TASK INSTRUCTIONS:
Retype all the records below exactly as they are, with no image carried over.

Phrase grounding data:
╔══

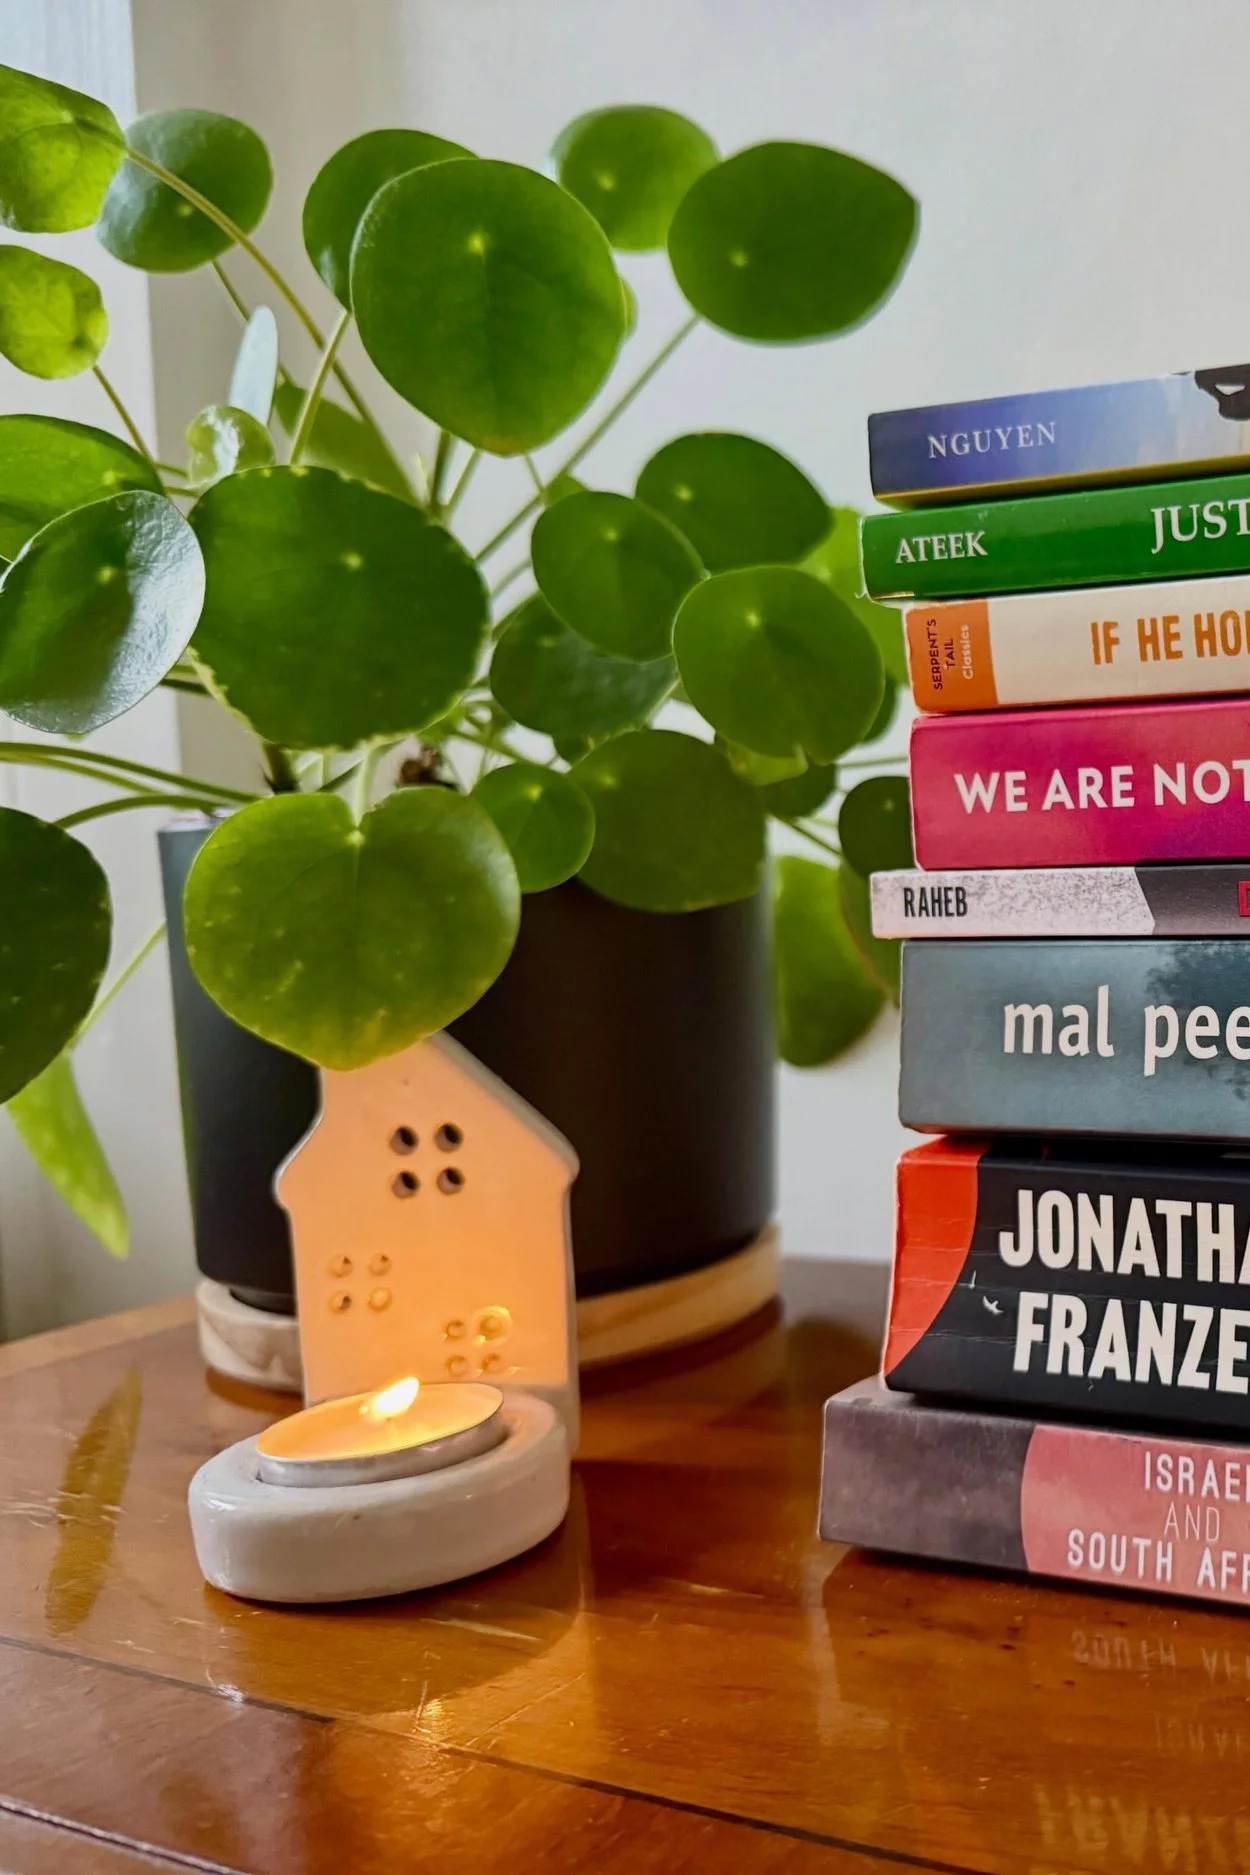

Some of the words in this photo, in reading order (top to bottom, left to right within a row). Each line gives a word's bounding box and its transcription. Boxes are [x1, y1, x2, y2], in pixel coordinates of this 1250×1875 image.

[927, 421, 1057, 459] NGUYEN
[895, 531, 988, 564] ATEEK
[926, 618, 943, 691] SERPENT'S
[944, 638, 956, 670] TAIL
[960, 623, 974, 680] Classics
[1090, 620, 1121, 666] IF
[1136, 613, 1182, 662] HE
[954, 770, 1029, 815] WE
[1041, 764, 1137, 812] ARE
[903, 885, 969, 919] RAHEB
[1003, 984, 1115, 1059] mal
[1164, 1501, 1220, 1542] AND
[1067, 1528, 1173, 1584] SOUTH
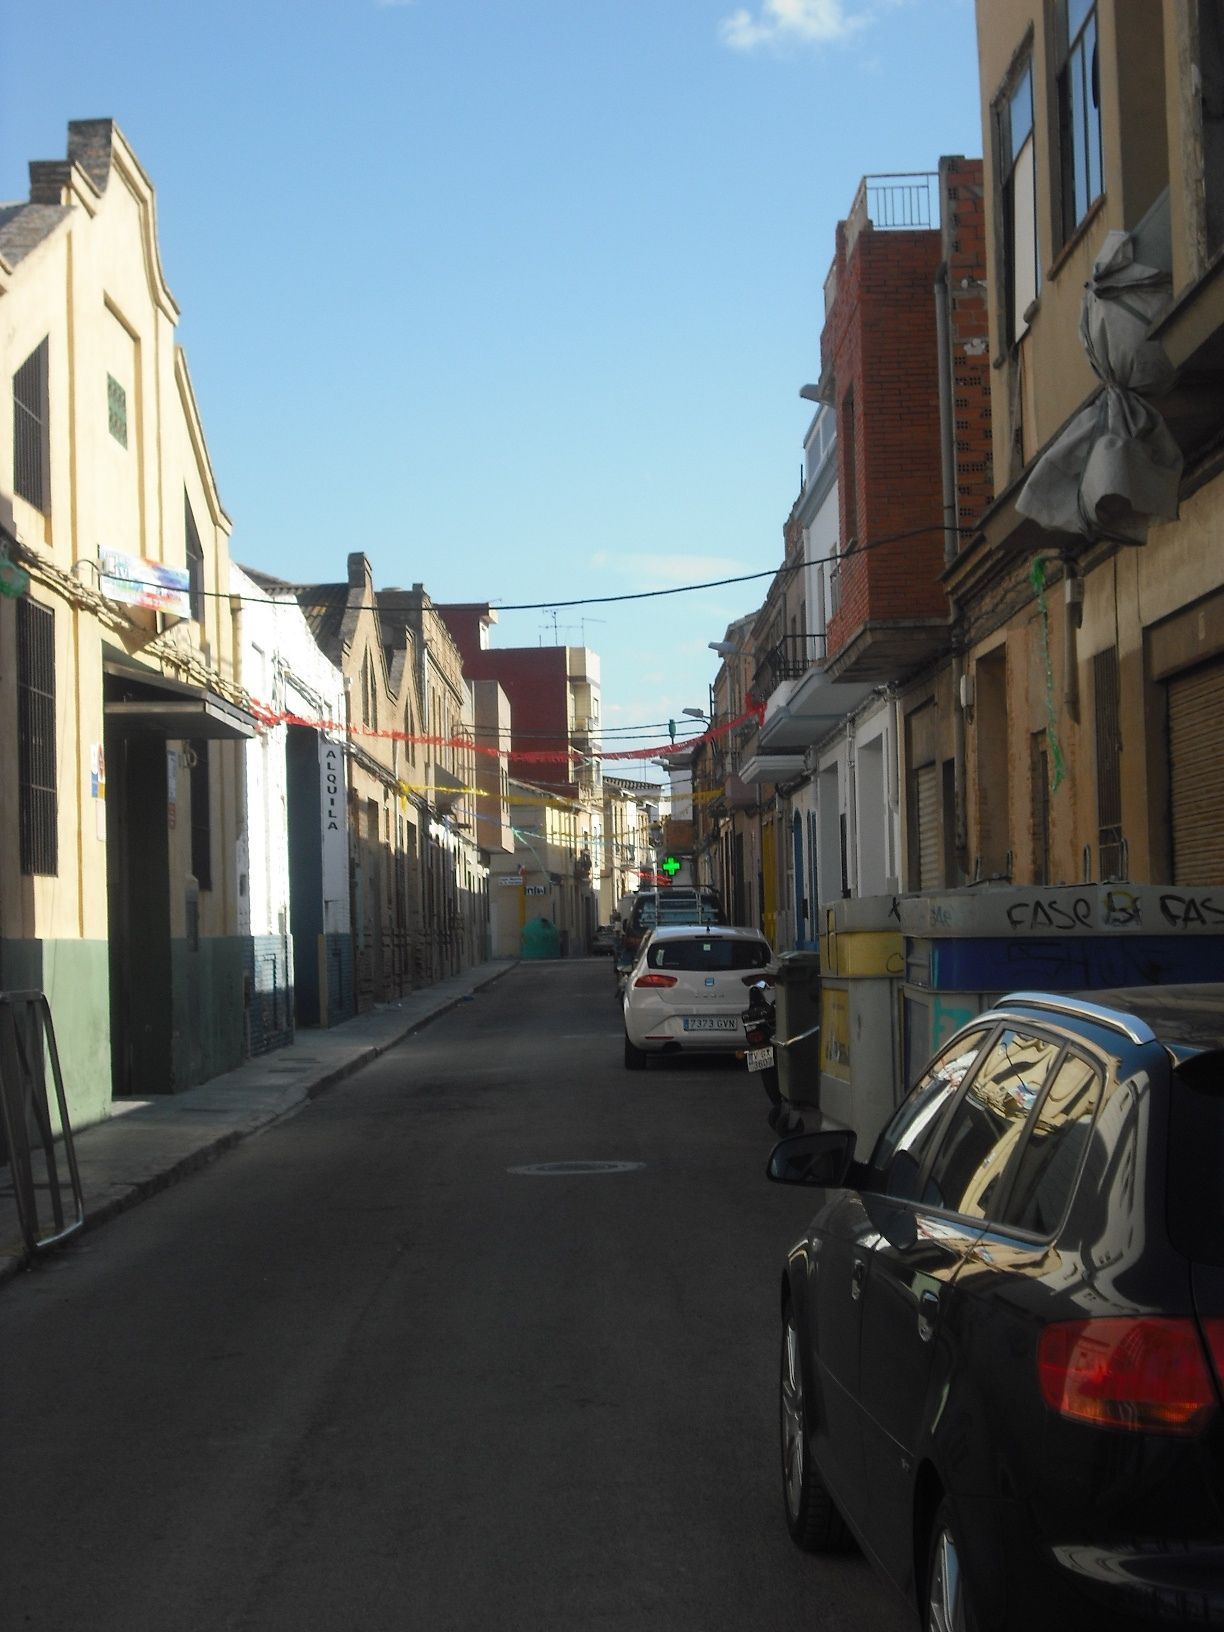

╚══

REPLY:
Some of the words in this photo, in reading order (top to bottom, left to right within a row). Each line gives a word's bounding box and its transcription. Boxes are [x1, y1, x2, y2], in pixel coordinates of this 1250×1875 image.

[927, 421, 1057, 459] NGUYEN
[895, 531, 988, 564] ATEEK
[926, 618, 943, 691] SERPENT'S
[944, 638, 956, 670] TAIL
[960, 623, 974, 680] Classics
[1090, 620, 1121, 666] IF
[1136, 613, 1182, 662] HE
[954, 770, 1029, 815] WE
[1041, 764, 1137, 812] ARE
[903, 885, 969, 919] RAHEB
[1003, 984, 1115, 1059] mal
[1164, 1501, 1220, 1542] AND
[1067, 1528, 1173, 1584] SOUTH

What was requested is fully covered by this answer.